### Images for object localization

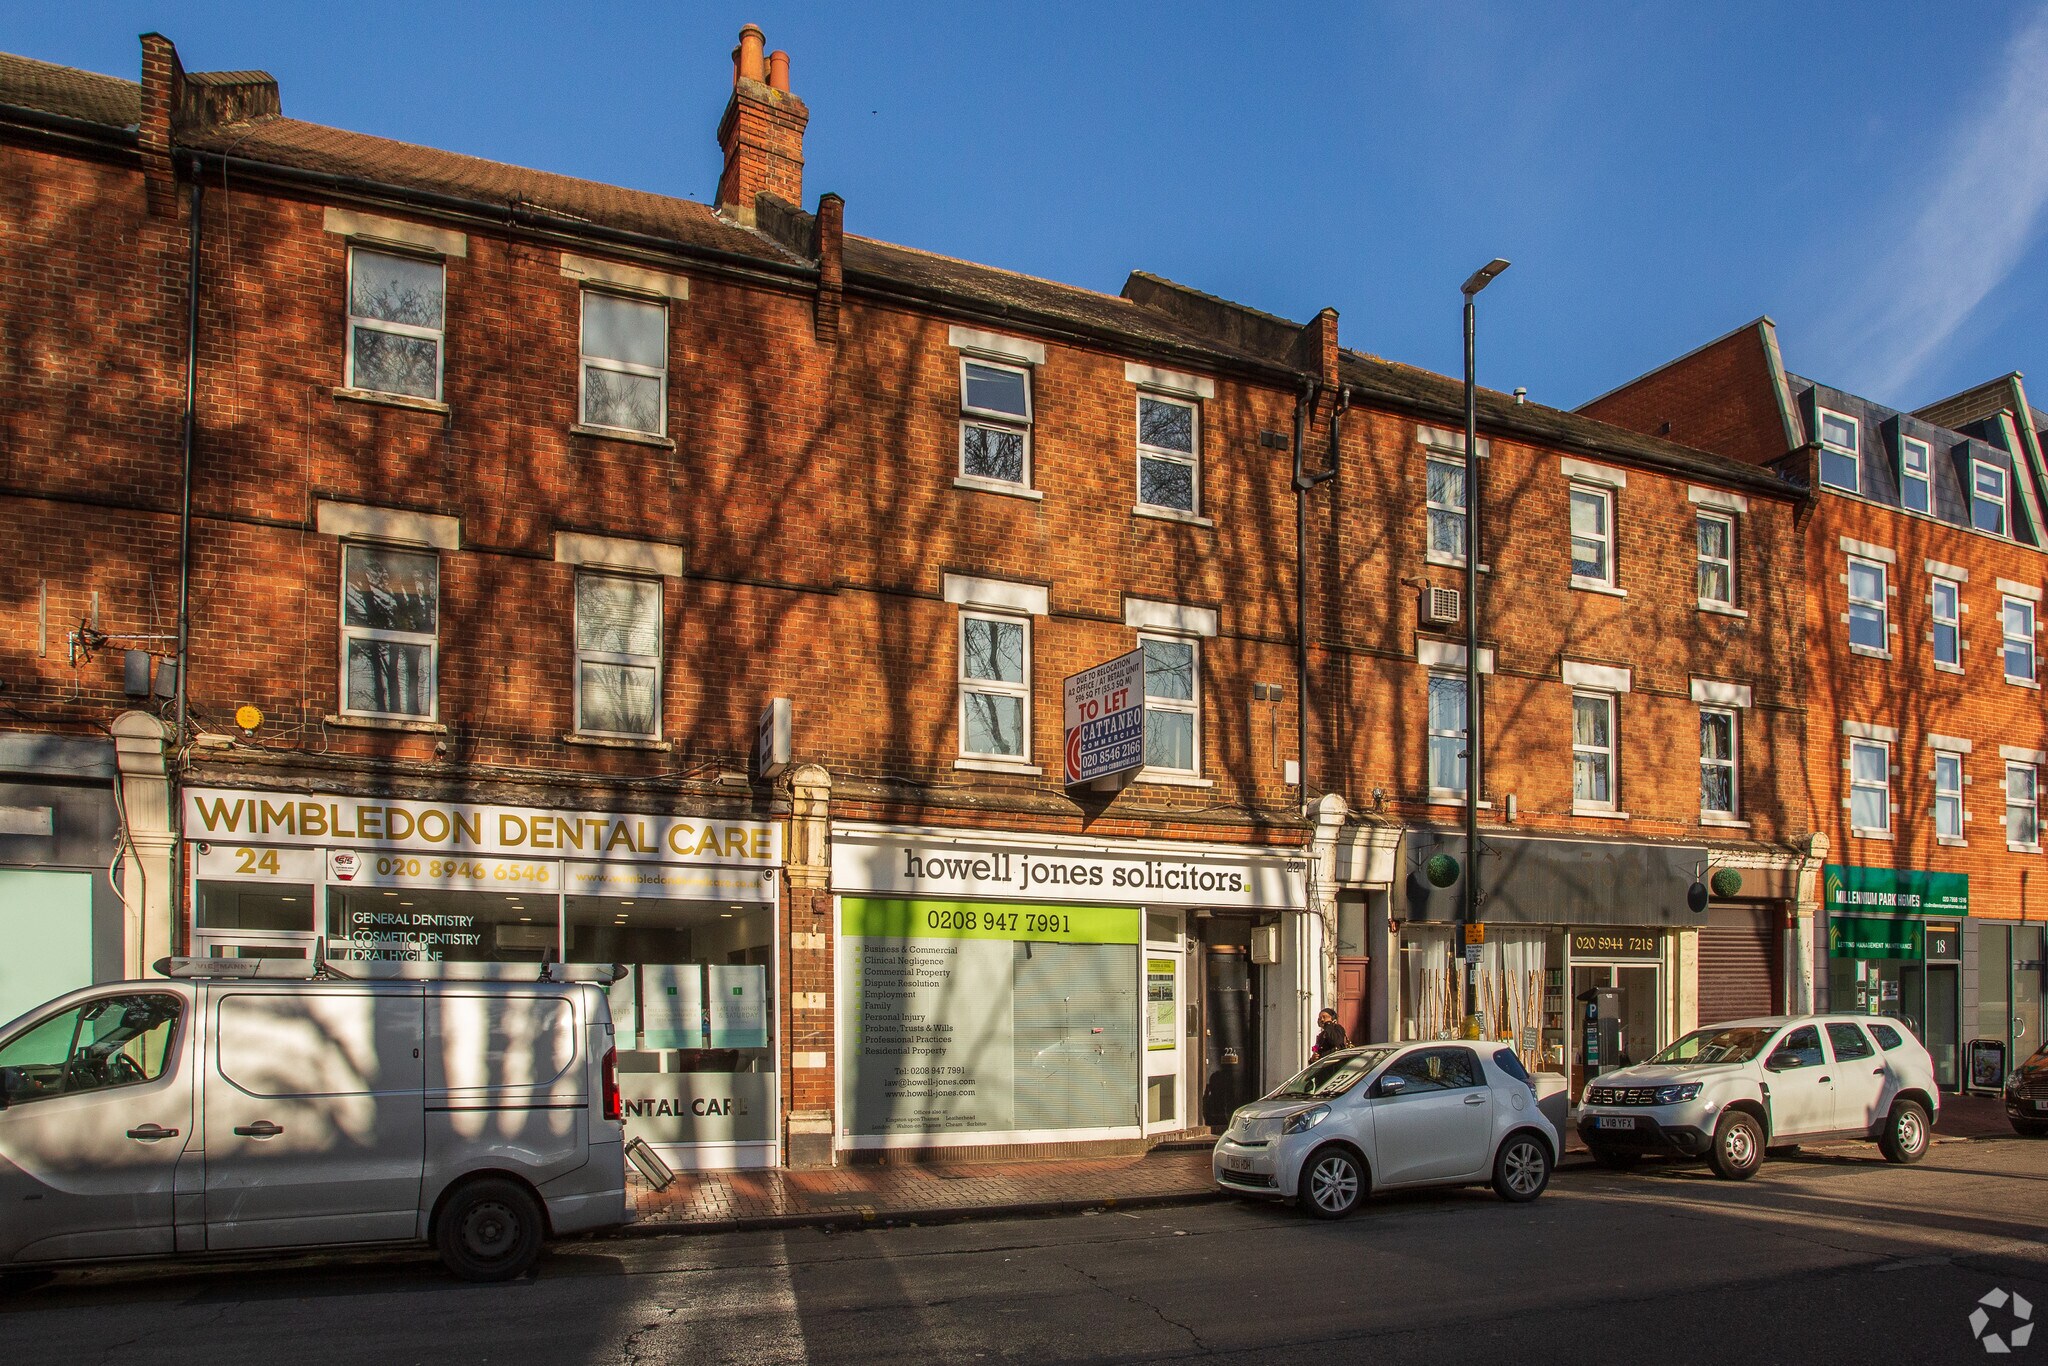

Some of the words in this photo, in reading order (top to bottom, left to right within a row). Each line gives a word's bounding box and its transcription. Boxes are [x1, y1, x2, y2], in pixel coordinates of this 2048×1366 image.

[1076, 674, 1088, 685] DUE
[1088, 671, 1096, 681] TO
[1096, 657, 1131, 677] RELOCATION
[1076, 680, 1094, 693] OFFICE
[1107, 669, 1125, 682] RETAIL
[1126, 662, 1140, 675] UNIT
[1085, 690, 1094, 699] SQ
[1094, 687, 1101, 696] FT
[1116, 678, 1124, 688] SQ
[1078, 699, 1099, 722] TO
[1104, 687, 1129, 714] LET
[1082, 708, 1141, 742] CATTANEO
[1082, 727, 1141, 750] COMMERCIAL
[1082, 753, 1098, 769] 020
[1099, 746, 1121, 764] 8546
[1121, 740, 1141, 758] 2166
[194, 796, 482, 845] WIMBLEDON
[499, 814, 660, 854] DENTAL
[668, 823, 773, 860] CARE
[235, 848, 280, 875] 24
[1286, 862, 1299, 872] 22
[376, 857, 421, 877] 020
[429, 859, 487, 880] 8946
[493, 863, 550, 883] 6546
[904, 848, 1012, 882] howell
[1020, 854, 1103, 891] jones
[1836, 890, 1878, 905] MILLENNIUM
[1878, 892, 1897, 906] PARK
[1897, 894, 1920, 907] HOMES
[352, 912, 410, 925] GENERAL
[412, 914, 475, 927] DENTISTRY
[927, 909, 977, 931] 0208
[983, 911, 1019, 932] 947
[1026, 914, 1070, 933] 7991
[352, 931, 417, 943] COSMETIC
[420, 933, 481, 946] DENTISTRY
[1576, 936, 1596, 949] 020
[1598, 937, 1624, 950] 8944
[1629, 937, 1654, 951] 7218
[1936, 939, 1946, 953] 18
[864, 945, 899, 953] Business
[909, 946, 958, 954] Commercial
[864, 956, 896, 964] Clinical
[898, 957, 944, 966] Negligence
[864, 967, 914, 976] Commercial
[916, 969, 951, 978] Property
[864, 979, 896, 988] Dispute
[898, 980, 940, 988] Resolution
[865, 991, 916, 1000] Employment
[865, 1002, 891, 1011] Family
[1589, 1003, 1597, 1018] P
[865, 1013, 899, 1021] Personal
[901, 1013, 926, 1022] Injury
[865, 1024, 899, 1033] Probate,
[900, 1024, 925, 1032] Trusts
[926, 1024, 932, 1032] &
[933, 1024, 953, 1032] Wills
[865, 1035, 914, 1044] Professional
[916, 1035, 952, 1043] Practices
[865, 1047, 910, 1055] Residential
[912, 1047, 947, 1056] Property
[895, 1067, 909, 1075] Tel:
[947, 1066, 965, 1074] 7991
[884, 1078, 976, 1088] law@howell-jones.com
[884, 1089, 976, 1098] www.howell-jones.com

### Your task
Each line above should be returned exactly as written, apart from any pictures.

### Task response
Some of the words in this photo, in reading order (top to bottom, left to right within a row). Each line gives a word's bounding box and its transcription. Boxes are [x1, y1, x2, y2], in pixel coordinates of this 2048×1366 image.

[1076, 674, 1088, 685] DUE
[1088, 671, 1096, 681] TO
[1096, 657, 1131, 677] RELOCATION
[1076, 680, 1094, 693] OFFICE
[1107, 669, 1125, 682] RETAIL
[1126, 662, 1140, 675] UNIT
[1085, 690, 1094, 699] SQ
[1094, 687, 1101, 696] FT
[1116, 678, 1124, 688] SQ
[1078, 699, 1099, 722] TO
[1104, 687, 1129, 714] LET
[1082, 708, 1141, 742] CATTANEO
[1082, 727, 1141, 750] COMMERCIAL
[1082, 753, 1098, 769] 020
[1099, 746, 1121, 764] 8546
[1121, 740, 1141, 758] 2166
[194, 796, 482, 845] WIMBLEDON
[499, 814, 660, 854] DENTAL
[668, 823, 773, 860] CARE
[235, 848, 280, 875] 24
[1286, 862, 1299, 872] 22
[376, 857, 421, 877] 020
[429, 859, 487, 880] 8946
[493, 863, 550, 883] 6546
[904, 848, 1012, 882] howell
[1020, 854, 1103, 891] jones
[1836, 890, 1878, 905] MILLENNIUM
[1878, 892, 1897, 906] PARK
[1897, 894, 1920, 907] HOMES
[352, 912, 410, 925] GENERAL
[412, 914, 475, 927] DENTISTRY
[927, 909, 977, 931] 0208
[983, 911, 1019, 932] 947
[1026, 914, 1070, 933] 7991
[352, 931, 417, 943] COSMETIC
[420, 933, 481, 946] DENTISTRY
[1576, 936, 1596, 949] 020
[1598, 937, 1624, 950] 8944
[1629, 937, 1654, 951] 7218
[1936, 939, 1946, 953] 18
[864, 945, 899, 953] Business
[909, 946, 958, 954] Commercial
[864, 956, 896, 964] Clinical
[898, 957, 944, 966] Negligence
[864, 967, 914, 976] Commercial
[916, 969, 951, 978] Property
[864, 979, 896, 988] Dispute
[898, 980, 940, 988] Resolution
[865, 991, 916, 1000] Employment
[865, 1002, 891, 1011] Family
[1589, 1003, 1597, 1018] P
[865, 1013, 899, 1021] Personal
[901, 1013, 926, 1022] Injury
[865, 1024, 899, 1033] Probate,
[900, 1024, 925, 1032] Trusts
[926, 1024, 932, 1032] &
[933, 1024, 953, 1032] Wills
[865, 1035, 914, 1044] Professional
[916, 1035, 952, 1043] Practices
[865, 1047, 910, 1055] Residential
[912, 1047, 947, 1056] Property
[895, 1067, 909, 1075] Tel:
[947, 1066, 965, 1074] 7991
[884, 1078, 976, 1088] law@howell-jones.com
[884, 1089, 976, 1098] www.howell-jones.com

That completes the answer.